> **TASK GOAL**
State how many lines in the listing below hold the string "CENTER"; nothing else is wanted.
── EXTRACTED DATA
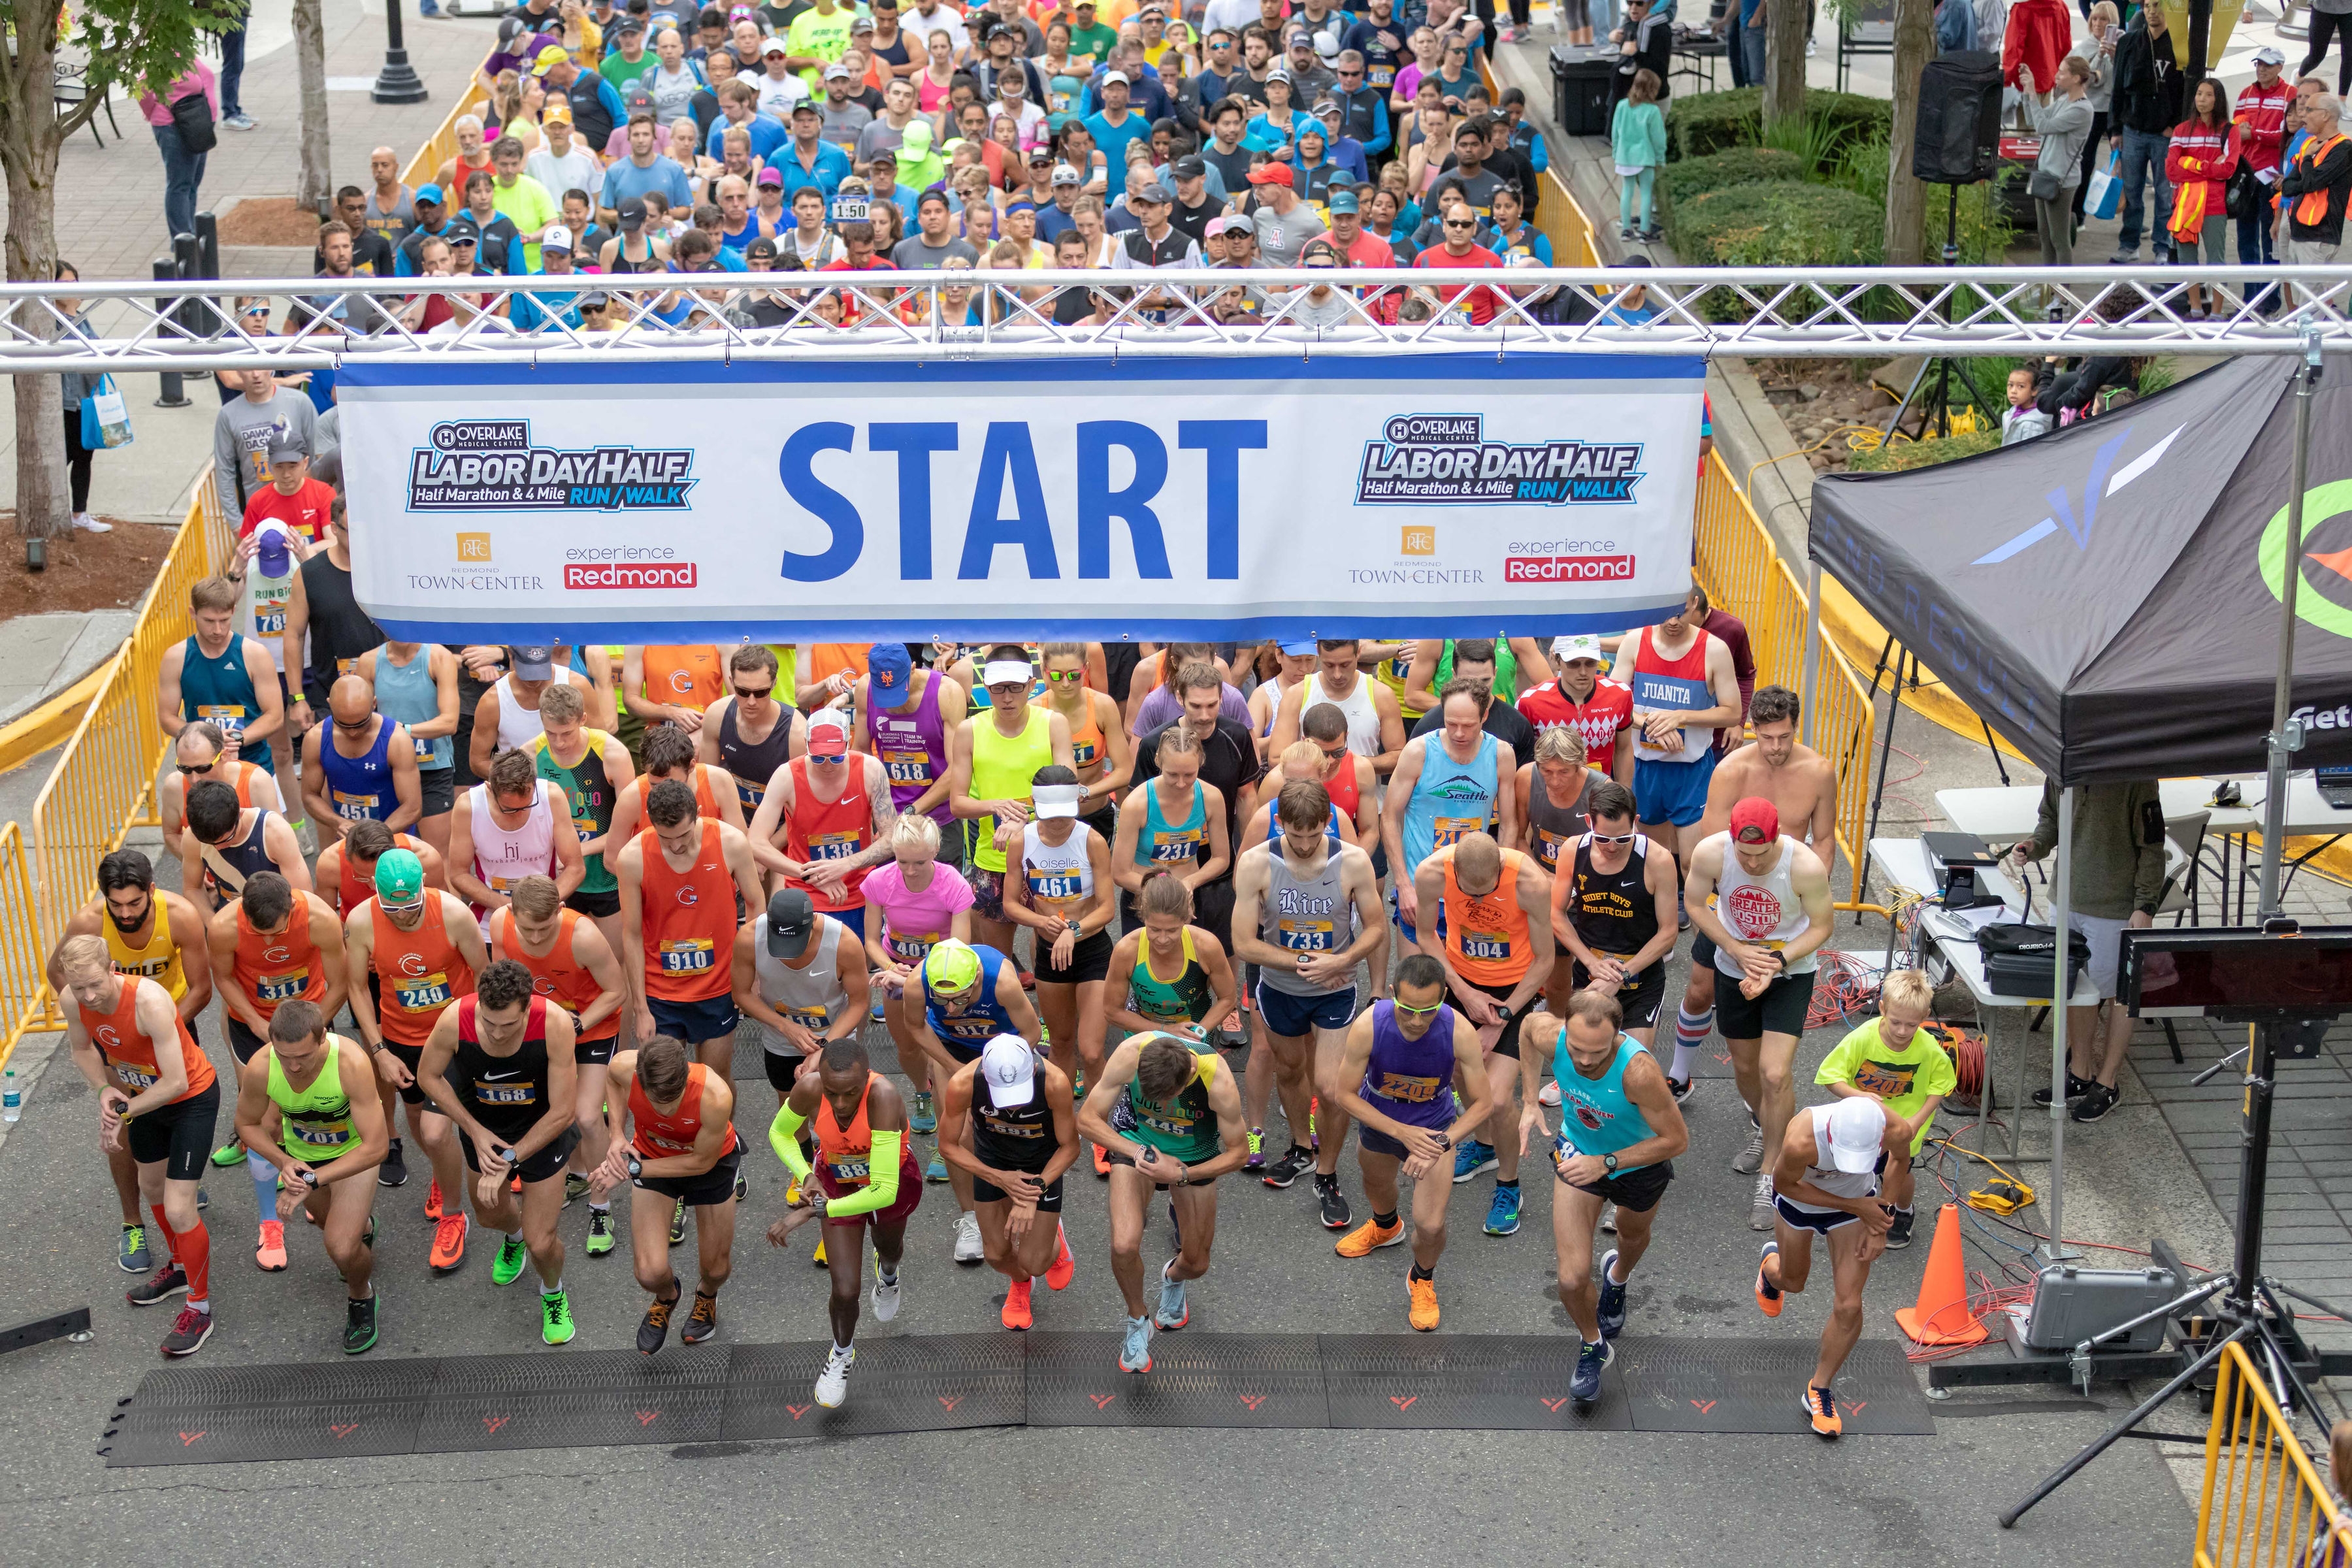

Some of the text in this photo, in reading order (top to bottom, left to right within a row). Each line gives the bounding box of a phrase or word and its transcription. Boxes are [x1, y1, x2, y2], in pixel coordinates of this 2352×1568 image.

[1371, 72, 1391, 84] 455
[838, 204, 866, 218] 1:50
[1266, 227, 1284, 250] A
[242, 427, 272, 441] DAWG
[457, 426, 523, 441] OVERLAKE
[1410, 420, 1475, 434] OVERLAKE
[416, 451, 525, 485] LABOR
[1366, 445, 1477, 479] LABOR
[416, 488, 444, 501] Half
[446, 487, 509, 501] Marathon
[512, 487, 523, 500] &
[525, 487, 535, 499] 4
[538, 486, 566, 500] Mile
[1364, 481, 1394, 495] Half
[1395, 481, 1458, 495] Marathon
[1461, 482, 1471, 494] &
[1474, 481, 1484, 493] 4
[1486, 480, 1514, 494] Mile
[779, 419, 1267, 582] START
[566, 544, 674, 563] experience
[1508, 537, 1615, 556] experience
[568, 563, 693, 587] Redmond
[1509, 555, 1631, 579] Redmond
[408, 575, 544, 590] TOWN CENTER
[1348, 569, 1485, 583] TOWN CENTER
[255, 590, 278, 599] RUN
[1642, 681, 1690, 704] JUANITA
[2289, 704, 2352, 731] Get
[890, 763, 924, 780] 618
[1446, 789, 1489, 801] Seattle
[340, 804, 370, 821] 451
[505, 843, 519, 860] hj
[818, 842, 853, 860] 138
[1158, 842, 1192, 861] 231
[1040, 858, 1079, 869] oiselle
[1039, 877, 1074, 897] 461
[1279, 889, 1333, 916] Rice
[1582, 892, 1631, 908] BIDET BOYS
[1729, 896, 1781, 913] GREATER
[1582, 904, 1633, 918] ATHLETIC CLUB
[1732, 908, 1778, 924] BOSTON
[896, 941, 930, 957] 401
[1287, 932, 1325, 951] 733
[1466, 939, 1502, 958] 304
[668, 952, 707, 970] 910
[264, 980, 302, 1000] 311
[404, 986, 444, 1007] 240
[954, 1024, 990, 1036] 917
[117, 1069, 152, 1088] 589
[1855, 1070, 1908, 1094] 2208
[486, 1088, 526, 1102] 168
[1379, 1080, 1436, 1097] 2209
[1562, 1089, 1614, 1119] TEAM RAVEN
[994, 1124, 1030, 1136] 591
[1145, 1117, 1185, 1135] 445
[302, 1132, 341, 1144] 701
[838, 1162, 870, 1178] 88
────
> **ANSWER BOX**
2